Stephen Andrew Soderstrom (born April 3, 1972) is a former Major League Baseball player. He attended Turlock High School. Soderstrom went on to pitch for Fresno State University.

The draft 
He was drafted by the New York Mets in the 15th Round (402nd overall) of the 1990 amateur draft. He didn't sign. Then, in 1993, he was drafted by the San Francisco Giants sixth overall in the 1993 amateur entry draft.

After the draft 
He spent three years in the Giants' organization before getting to the major leagues.

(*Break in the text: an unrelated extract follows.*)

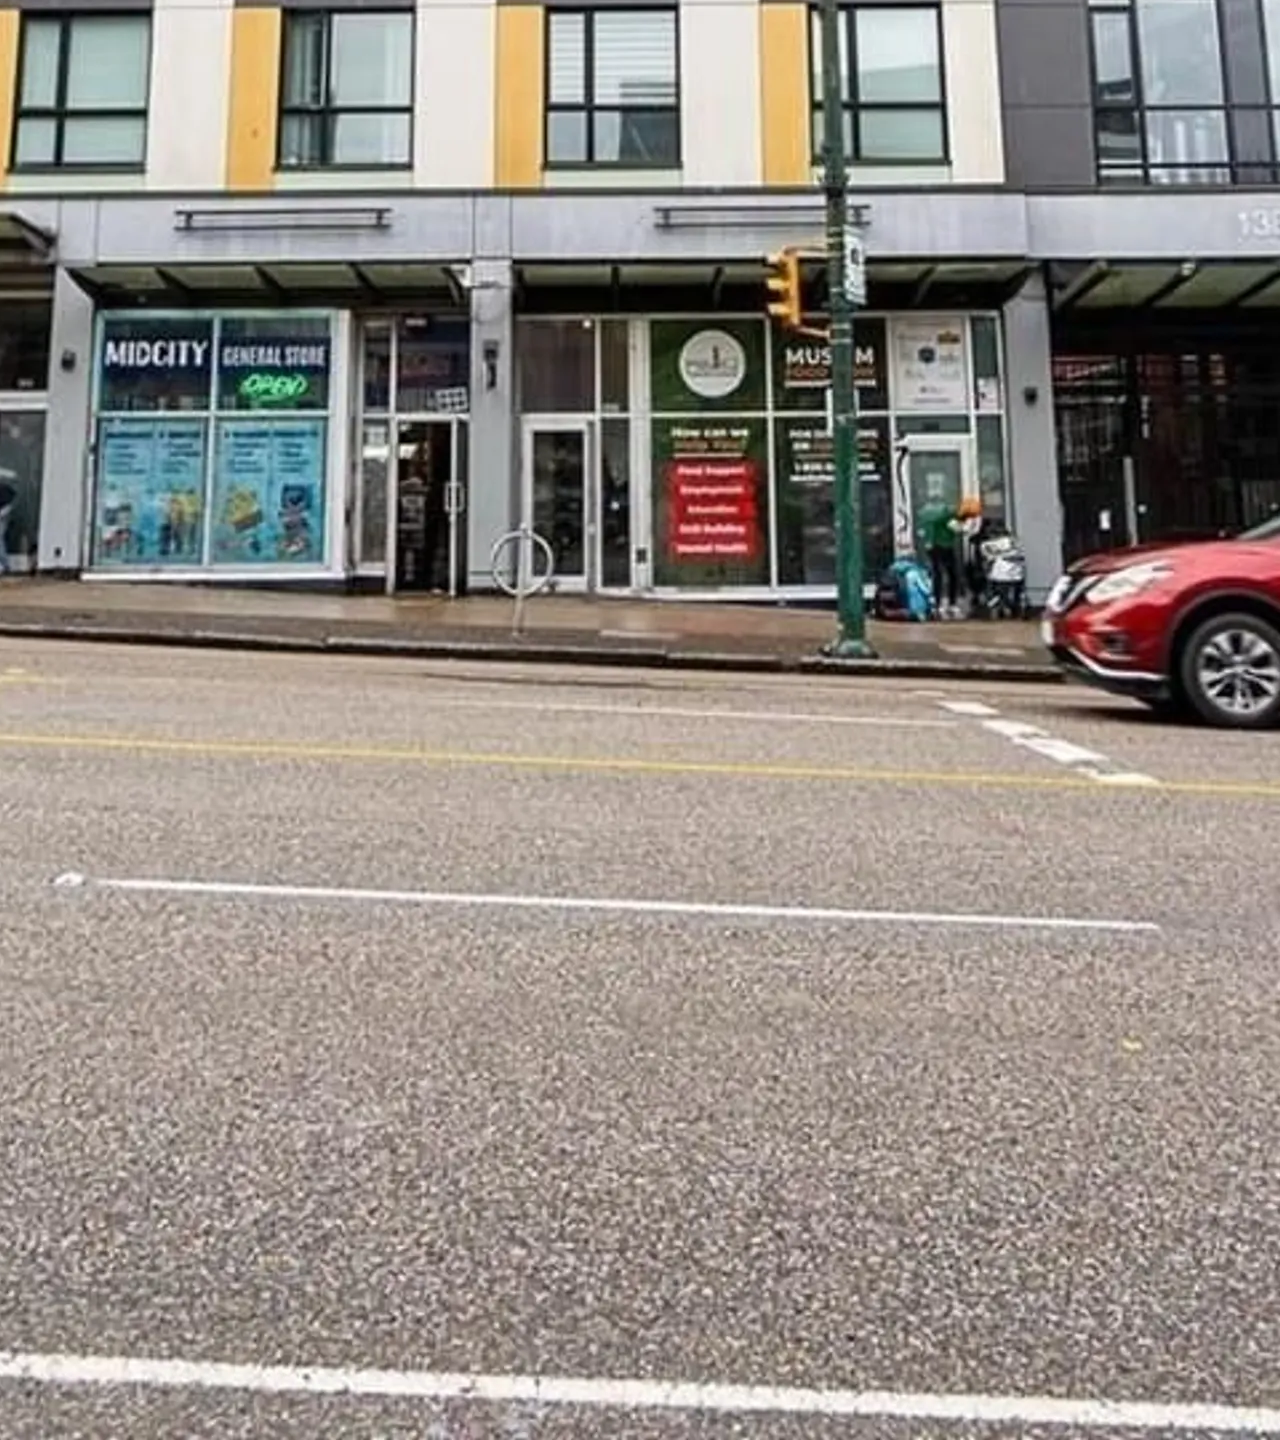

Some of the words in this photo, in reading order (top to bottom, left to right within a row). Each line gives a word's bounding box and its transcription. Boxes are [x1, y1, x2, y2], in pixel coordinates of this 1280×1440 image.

The 6'3", 215 pound right-hander made his major league debut on September 17, 1996. His stay in the majors lasted just 10 days, as his final MLB game was on September 27. Over those ten days, he started all three of the games he pitched in, compiling a 2-0 record while giving up 16 hits in 13 innings and gaining an ERA of 5.27. He walked six and struck out nine.

He currently owns and operates Backyard Sports Academy, a multi-sport instructional facility, in his hometown of Turlock.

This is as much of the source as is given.